Hay una máxima no escrita en la política mexicana que a pesar de lo pequeña que es, encierra una gran verdad, y dice así: “en política lo que se niega se afirma”. Por eso la reciente declaración de Omar García Harfuch, descartándose para la contienda presidencial de 2030, merece leerse menos como una renuncia y más como un movimiento estratégico.
No fue un destape invertido; fue un acto de disciplina pública hacia quien todavía está en el inicio de su gobierno. Al afirmar que sería “irresponsable” pensar en otra cosa que no fuera la seguridad y que ese cargo no permite una “agenda paralela”, Harfuch envió simultáneamente tres mensajes: lealtad absoluta a Claudia Sheinbaum, respeto a las Fuerzas de Seguridad y rechazo a cualquier sospecha de campaña anticipada.
La jugada tiene lógica. Hoy, Harfuch es probablemente el integrante del gabinete con mejores niveles de aprobación ciudadana. Diversas mediciones lo colocan como el funcionario mejor evaluado del gobierno y como uno de los nombres más fuertes en cualquier ejercicio sucesorio adelantado. Sin embargo, a cuatro años para la sucesión presidencial, parece prematuro y difícil de sostener porque en la política —y aquí viene otra máxima— quien asoma demasiado pronto la cabeza corre el riesgo de que se la corten. Los favoritos tempraneros suelen convertirse en el blanco preferido de adversarios, facciones internas y fuego amigo.
Su posición actual descansa además en resultados tangibles. Durante su gestión al frente de la estrategia nacional de seguridad, el gobierno ha destacado una reducción significativa en los homicidios dolosos, el fortalecimiento de operativos contra organizaciones criminales —que parecían olvidados— y una mayor coordinación institucional entre fuerzas federales y el gobierno de Estados Unidos.
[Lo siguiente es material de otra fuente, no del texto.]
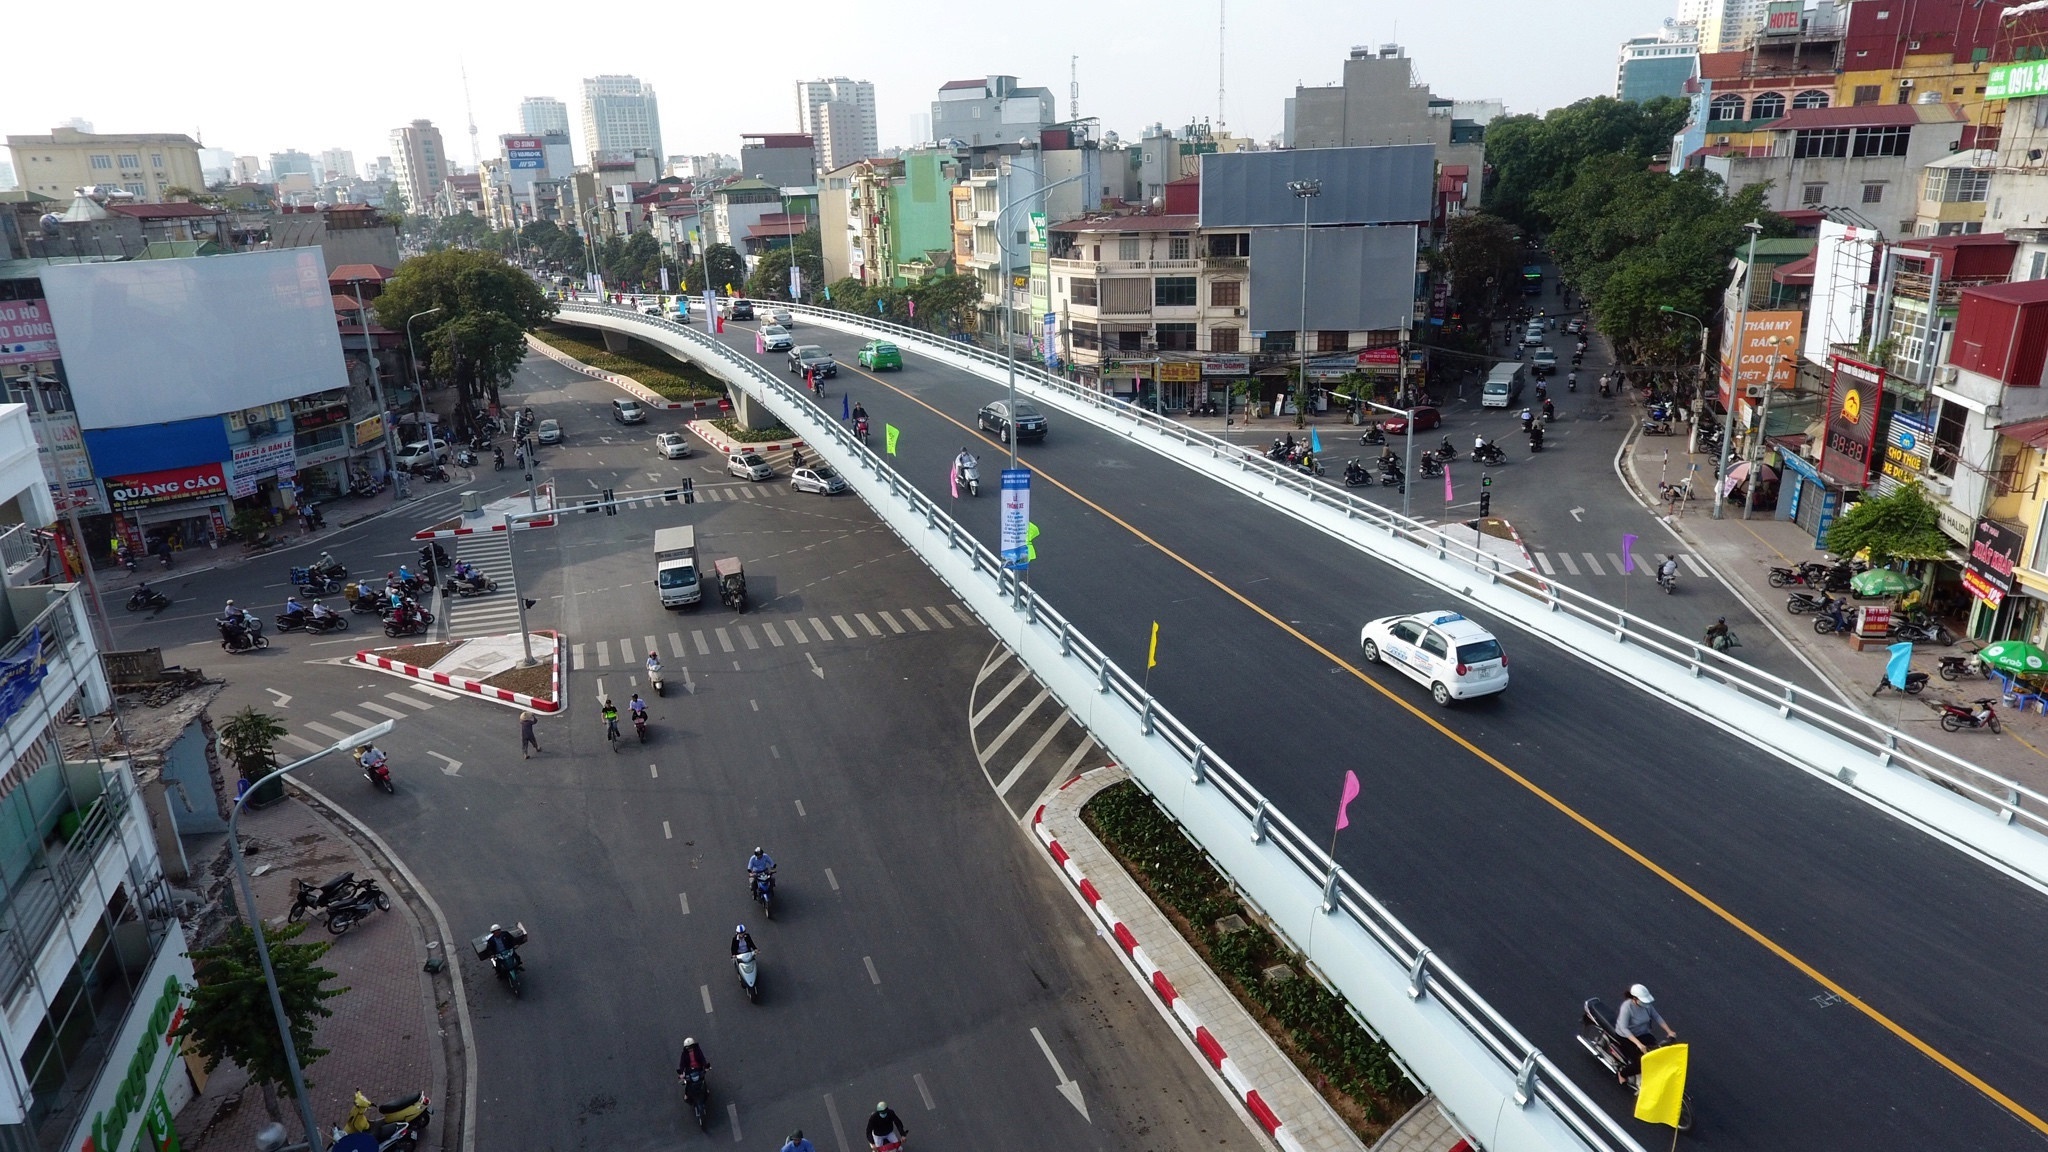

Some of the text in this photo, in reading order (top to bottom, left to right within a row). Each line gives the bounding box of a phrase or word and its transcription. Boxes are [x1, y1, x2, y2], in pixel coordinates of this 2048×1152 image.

[1770, 11, 1799, 29] HOTEL
[2008, 65, 2033, 94] 0914
[19, 305, 39, 320] HỘ
[13, 321, 53, 338] ĐỘNG
[1741, 354, 1763, 364] CAO
[1888, 446, 1902, 461] CHO
[1883, 461, 1892, 474] XE
[113, 482, 179, 502] QUẢNG
[184, 475, 220, 490] CÁO
[1947, 515, 1969, 536] HALIDA
[2000, 656, 2022, 667] Grab
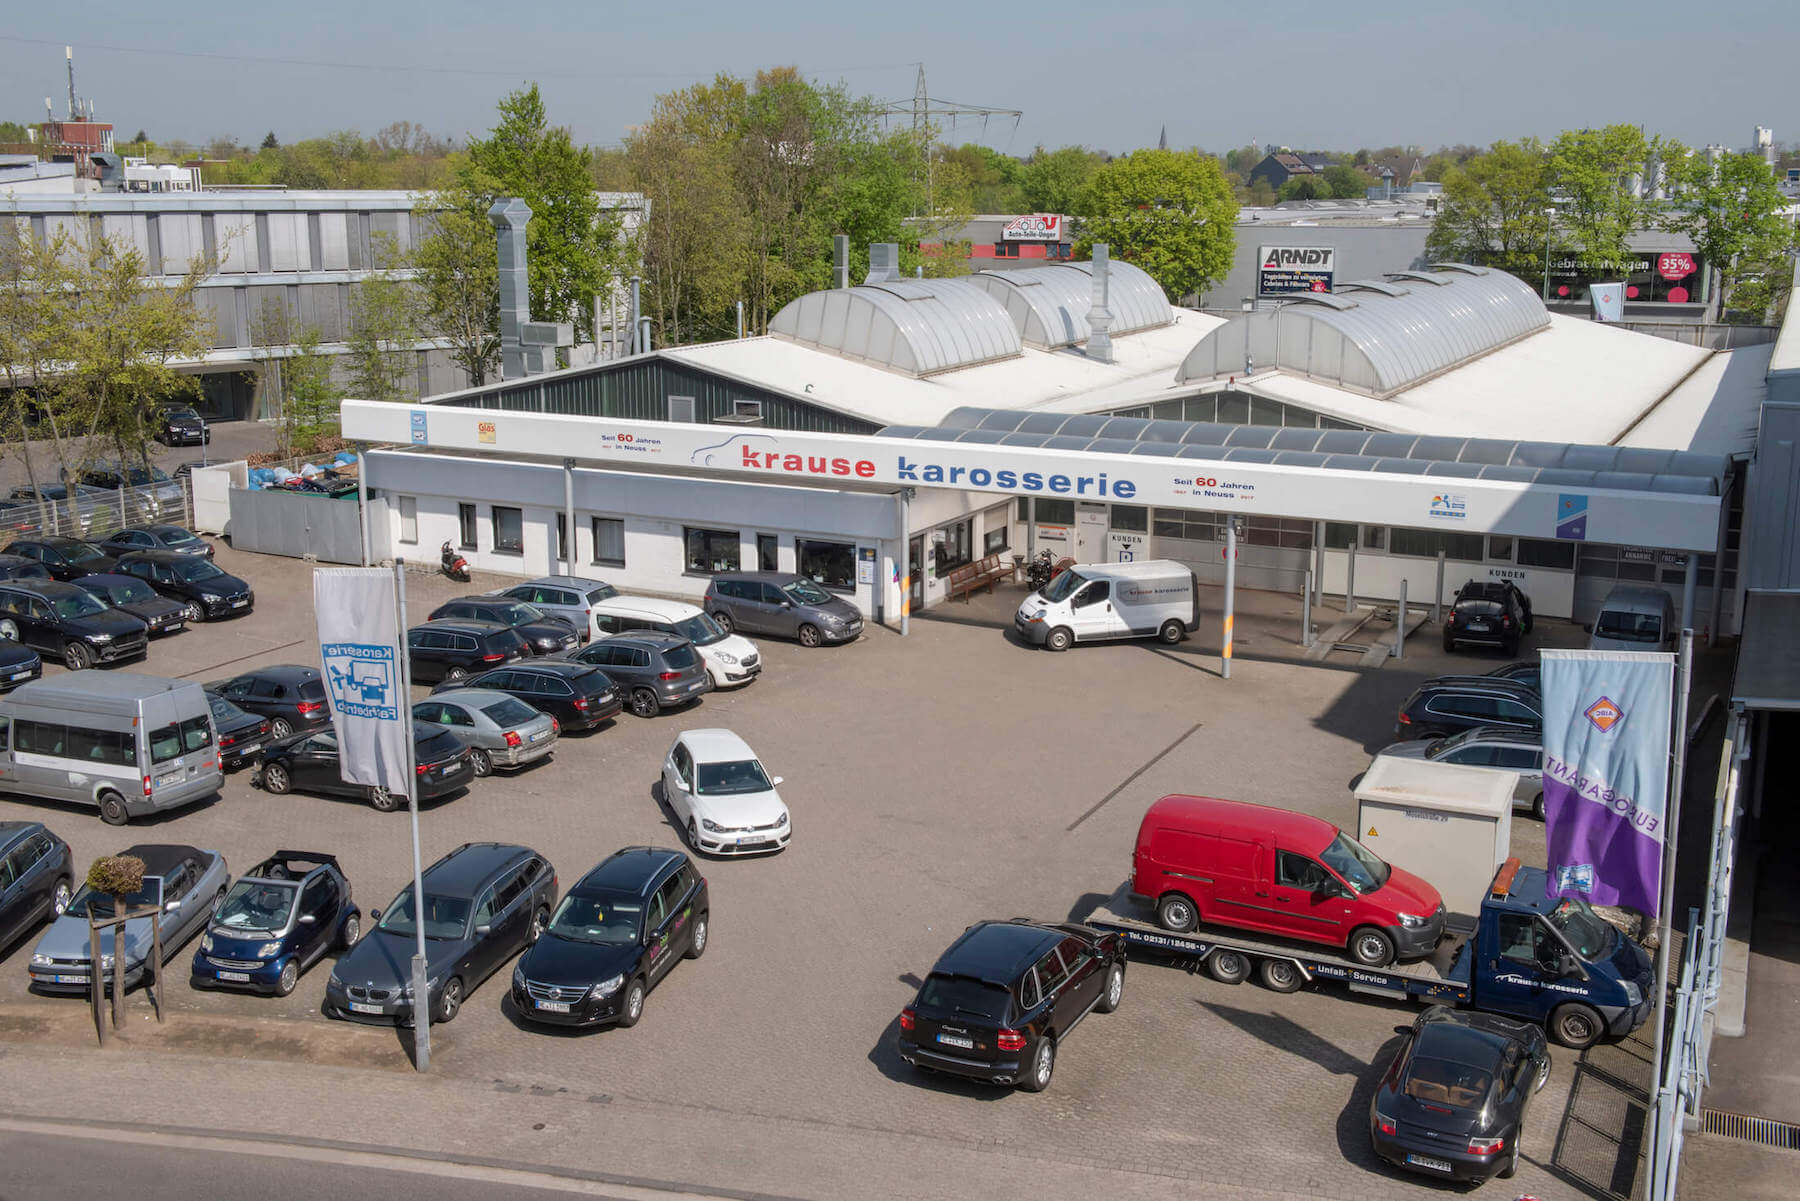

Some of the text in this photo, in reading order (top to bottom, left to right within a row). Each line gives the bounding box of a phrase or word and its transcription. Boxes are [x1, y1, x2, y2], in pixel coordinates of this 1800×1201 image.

[1266, 249, 1332, 267] ARNDT
[1662, 258, 1690, 270] 35%
[617, 433, 633, 442] 60
[742, 445, 876, 478] krause
[898, 456, 1136, 499] karosserie
[1196, 477, 1217, 487] 60
[1220, 482, 1255, 490] Jahren
[1204, 490, 1235, 498] Neuss
[1112, 535, 1142, 543] KUNDEN
[1489, 569, 1525, 579] KUNDEN
[1129, 932, 1142, 940] Tel.
[1318, 964, 1388, 985] Unfall- Service
[1508, 975, 1589, 995] krause karosserie
El propio Harfuch ha insistido en que esos avances pertenecen al conjunto del Gabinete de Seguridad y no a una sola persona.
Pero el fenómeno Harfuch trasciende las cifras. Su verdadero atractivo político radica en algo más profundo: representa una anomalía dentro del propio régimen guinda. Mientras buena parte de la clase política de Morena proviene de las luchas partidistas, él emerge desde una narrativa institucional. Es más policía que tribuno, más administrador que ideólogo. En cierto sentido, encarna el cambio dentro del cambio. Es la posibilidad de que el movimiento gobernante se modere hacia sectores urbanos, empresariales, moderados e incluso opositores que difícilmente se identificarían con los cuadros tradicionales de Morena.
Ahí reside tanto su fortaleza como su vulnerabilidad. Harfuch puede ampliar la coalición electoral del oficialismo porque genera confianza fuera de sus fronteras naturales. Pero precisamente por ello también despierta recelos entre quienes entienden la política como un patrimonio partidista y no como una construcción institucional. Su perfil recuerda a esos personajes de las novelas de Carlos Fuentes que habitan simultáneamente dos mundos: pertenecen a uno, pero son comprendidos por otro.
De aquí a 2030, sus posibilidades son reales. Pocos actores nacionales combinan reconocimiento, aprobación y resultados en una de las áreas más sensibles para la ciudadanía. Sin embargo, el camino está lejos de estar despejado. Necesitará mantener resultados en seguridad, el gran tema del país, así como sobrevivir al desgaste inevitable del poder, navegar las complejas corrientes internas de Morena y demostrar que puede ser algo más que un eficaz secretario de Seguridad. Porque una cosa es combatir al crimen y otra muy distinta hacer política.
Por ahora, Harfuch ha decidido bajarse del caballo. Pero lo hace desde el entendimiento de que las carreras largas no se ganan al arranque, sino en la última recta.